Driving improved customer and business outcomes through automating Standard Life’s BI capabilities and focusing on KPI interpretation
Standard Life were confronted with a number of challenges that they were keen to tackle with our help. Their existing customer programme dashboard reporting was comprehensive and met a high standard, but it took too long to refresh – it was a manual weekend task. This meant that strategic business leads (product owners) did not have access to real time insights and were waiting a long time for questions to be answered. This slowed down decision making, despite there being an aspiration within customer-focused activities to test, learn, and scale. This ambition was impossible to enact given that the underlying feedback loop was not timely.

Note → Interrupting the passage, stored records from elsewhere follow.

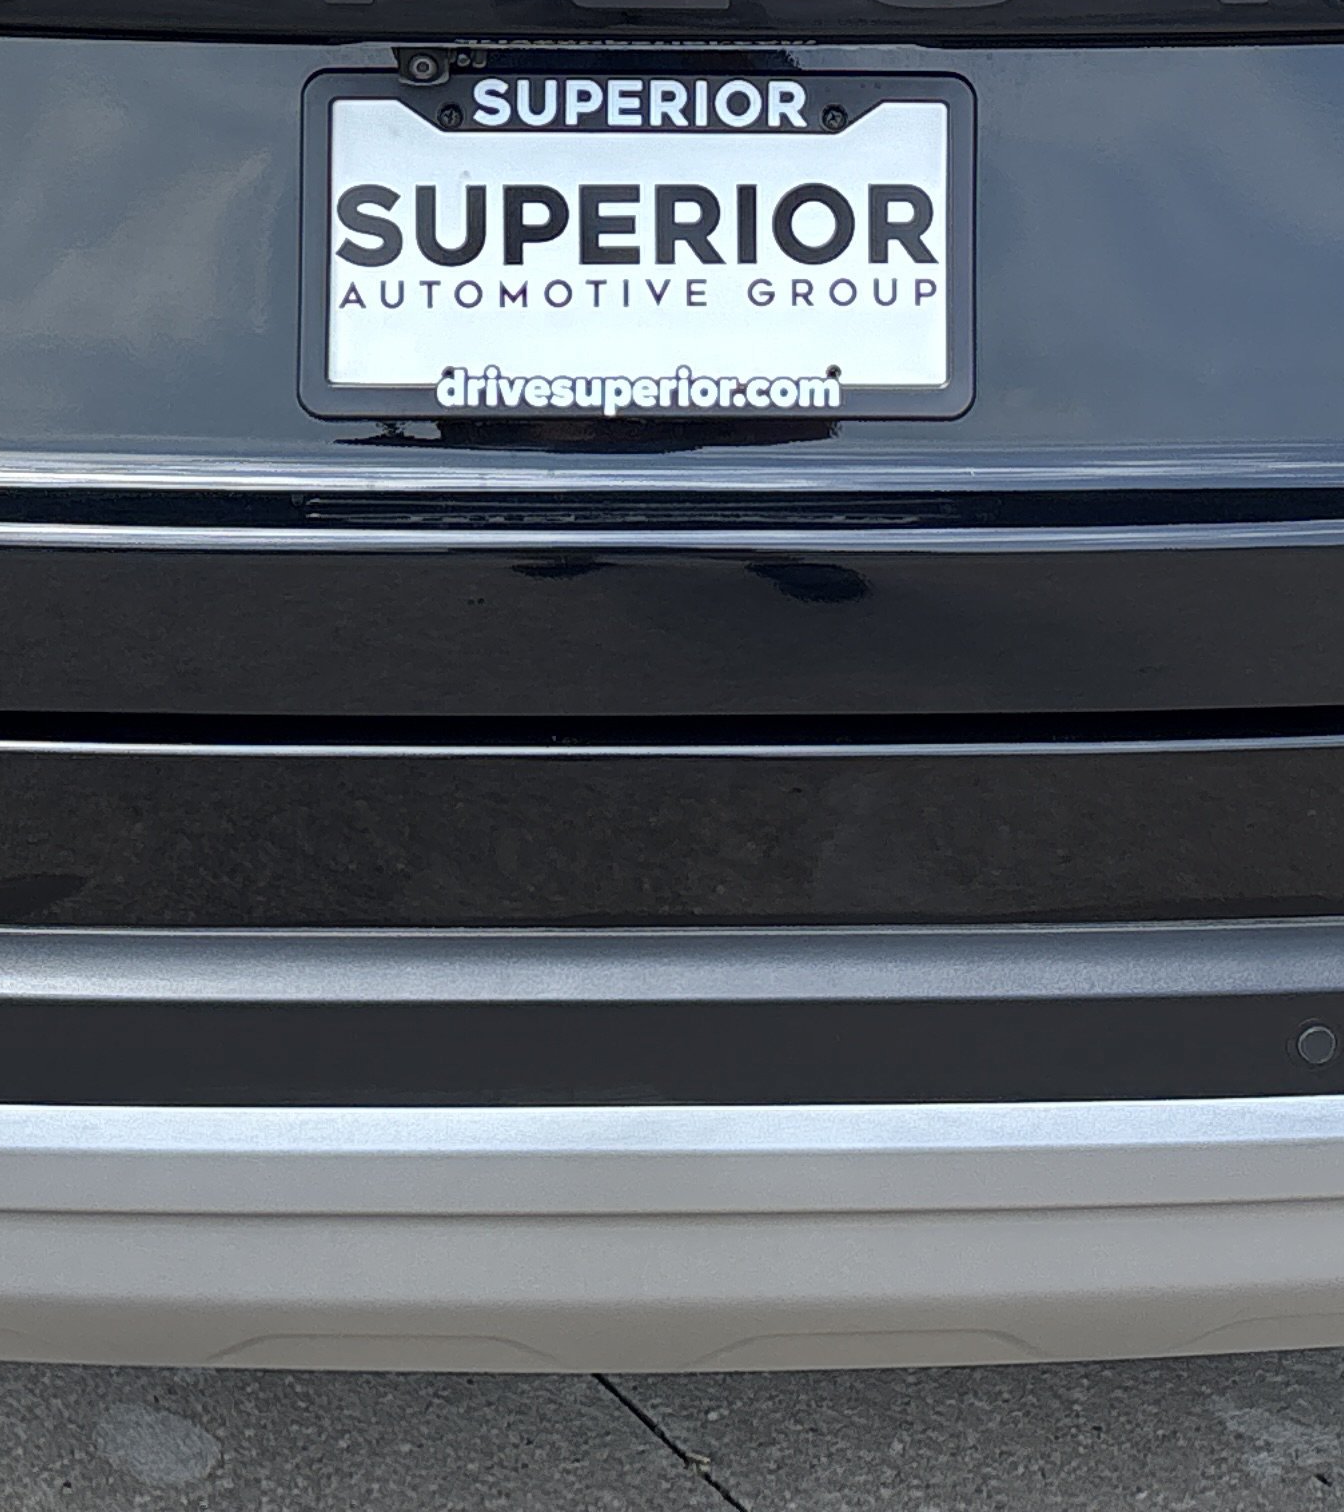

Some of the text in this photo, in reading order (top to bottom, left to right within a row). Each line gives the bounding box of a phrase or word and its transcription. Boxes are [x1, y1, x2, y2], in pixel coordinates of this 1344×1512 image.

[472, 77, 808, 128] SUPERIOR
[335, 182, 940, 267] SUPERIOR
[338, 278, 938, 309] AUTOMOTIVE GROUP
[436, 364, 840, 416] drivesuperior.com
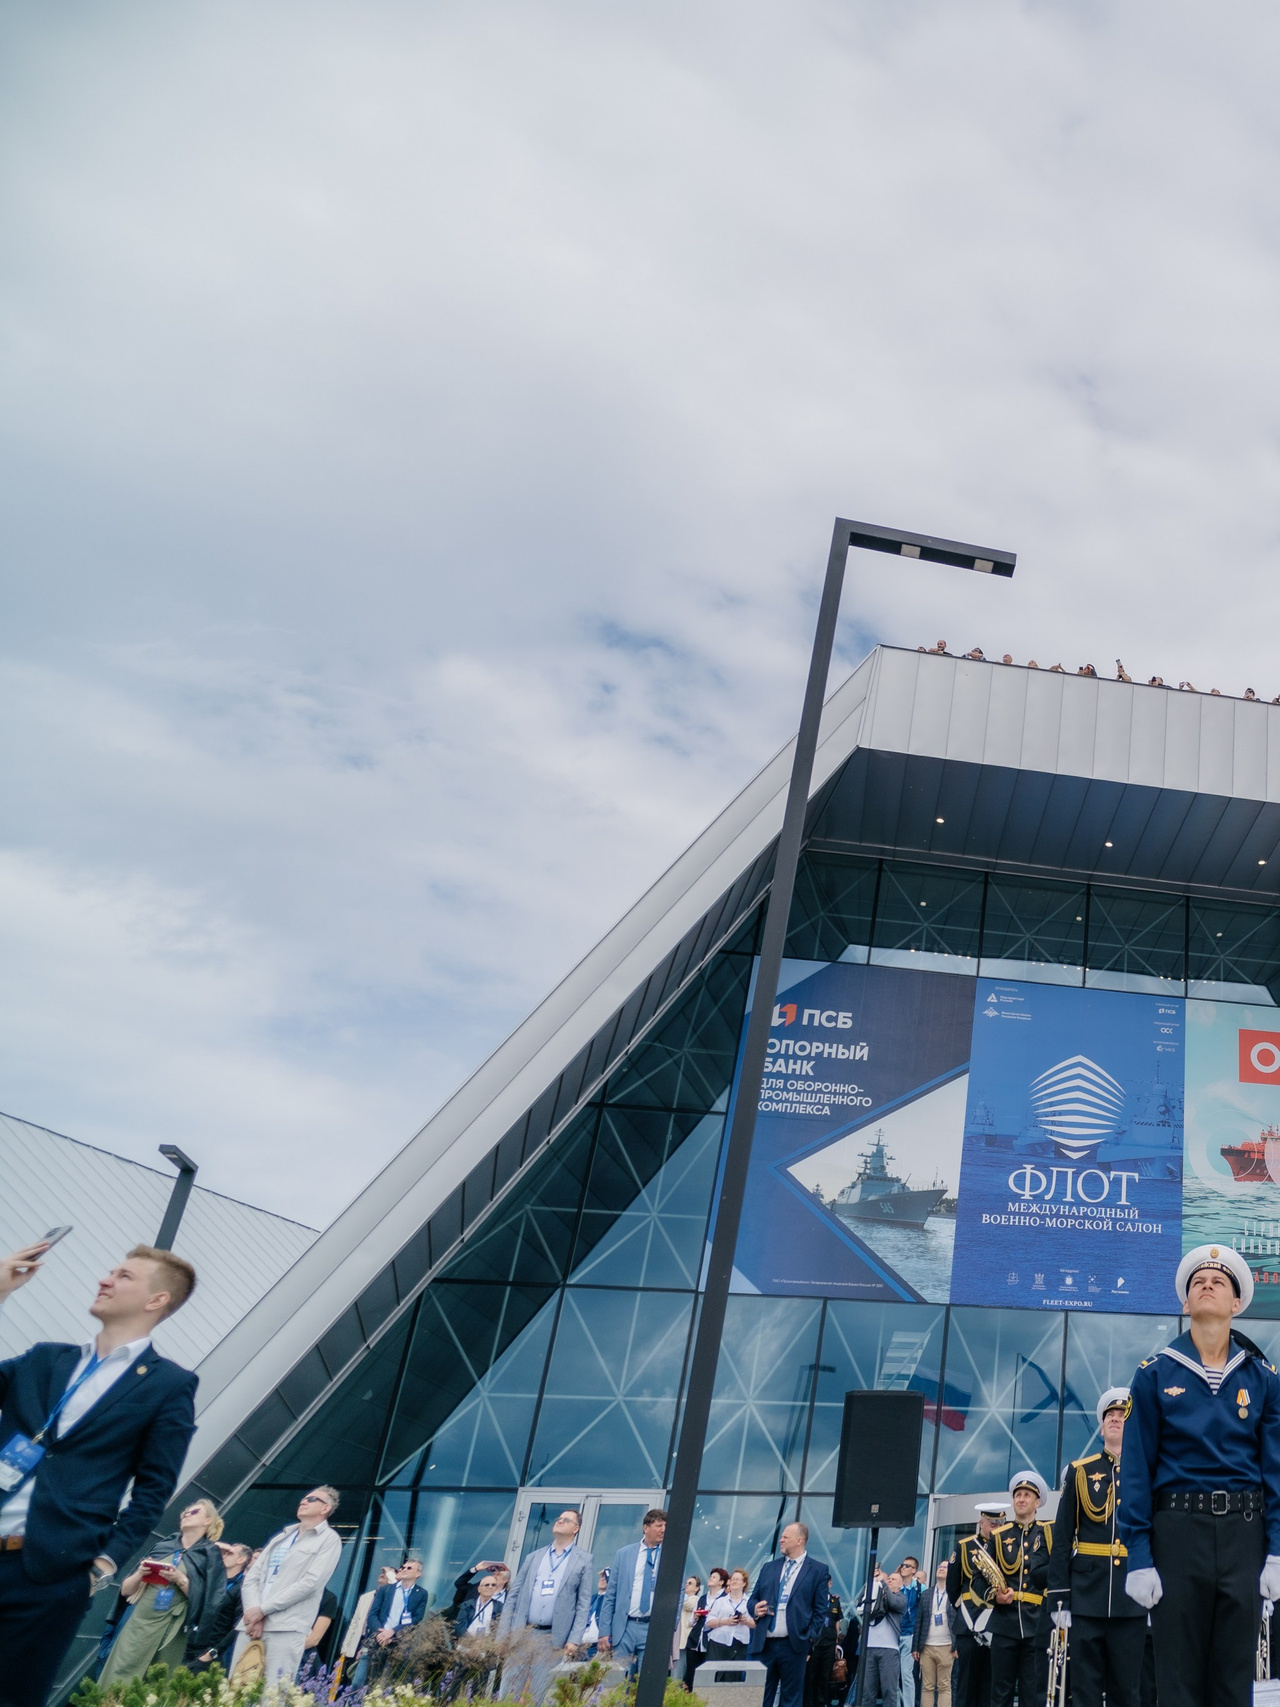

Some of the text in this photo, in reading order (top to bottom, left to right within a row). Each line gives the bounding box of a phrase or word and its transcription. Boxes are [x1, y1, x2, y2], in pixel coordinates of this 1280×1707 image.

[802, 1008, 853, 1029] ПСБ
[766, 1038, 869, 1061] ОПОРНЫЙ
[763, 1057, 816, 1076] БАНК
[787, 1080, 864, 1094] ОБОРОННО-
[1008, 1164, 1139, 1205] ФЛОТ
[1007, 1202, 1139, 1220] МЕЖДУНАРОДНЫЙ
[981, 1214, 1162, 1234] ВОЕННО-МОРСКОЙ САЛОН
[1042, 1299, 1093, 1307] FLEET-EXPO.RU

The current skilled senior analysts were pulled in multiple directions. Whilst they positively impacted a wide range of aspects of their customer activities, they didn’t have the luxury of time to review, refine, and automate their solutions. Too much analyst time was being spent on data engineering and production – not on interpreting results and understanding what they meant for customer outcomes. Additionally, there was a lack of consistency in KPI definitions, calculations, time frame, and data sources.
Overall, there was a keen desire within the business to move towards greater insight creation and usage of data science techniques as led by a new chief data scientist. Our challenge was to help Standard Life put the foundational, consistent building blocks in place first. This would then provide their experienced analysts time to up-skill and pivot to higher-value analytics.
Our approach began with working with the business leads of each team to capture objectives in order to understand the actionable insight the squads require so they can make decisions. This helps us to understand what activities are driving value and so should be scaled/rolled-out. We worked alongside the client’s senior analysts to review what data existed already and to understand potential KPI and data gaps. We then engaged the business to agree definitions, data sources, and calculations.
This work allowed us to establish the right KPIs and control group methodology to enable effective reporting. We concluded with creating a connected view of measurement within Tableau dashboards. This allowed self-serve by analysts, squad members, and business stakeholders to drill down across various levels of detail covering channel engagement, completion of customer call-to-action, and measurement of commercial impact.